◆ About this exercise: Everything in the entries except the pictures should be repeated exactly.

※

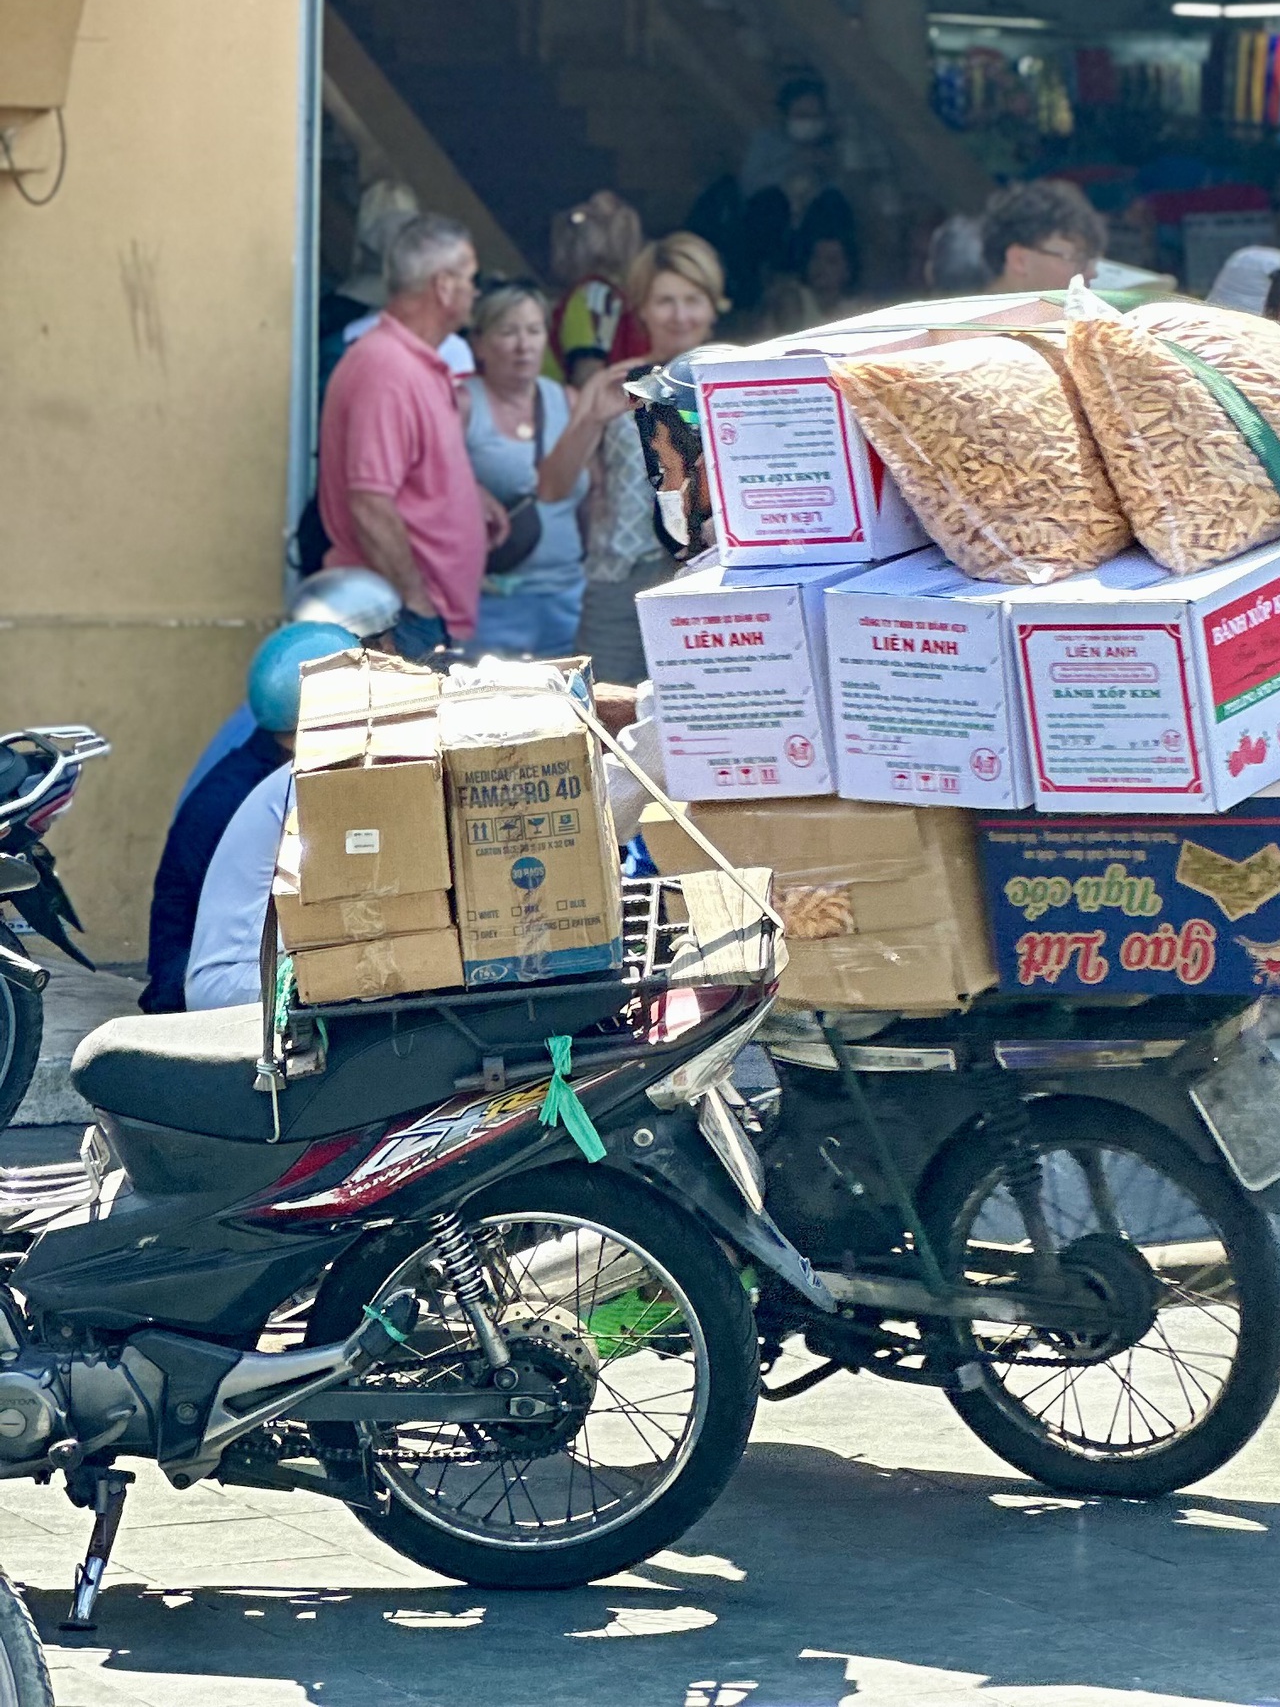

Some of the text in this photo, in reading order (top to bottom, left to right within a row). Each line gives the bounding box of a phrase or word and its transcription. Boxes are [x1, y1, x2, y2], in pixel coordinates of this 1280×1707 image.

[683, 630, 765, 649] LIÊN ANH
[872, 634, 959, 655] LIÊN ANH
[1065, 644, 1138, 658] LIÊN ANH
[541, 761, 571, 776] MASK
[556, 775, 581, 800] 4D

※

◆ Written answer:
Some of the text in this photo, in reading order (top to bottom, left to right within a row). Each line gives the bounding box of a phrase or word and its transcription. Boxes are [x1, y1, x2, y2], in pixel coordinates of this 1280×1707 image.

[683, 630, 765, 649] LIÊN ANH
[872, 634, 959, 655] LIÊN ANH
[1065, 644, 1138, 658] LIÊN ANH
[541, 761, 571, 776] MASK
[556, 775, 581, 800] 4D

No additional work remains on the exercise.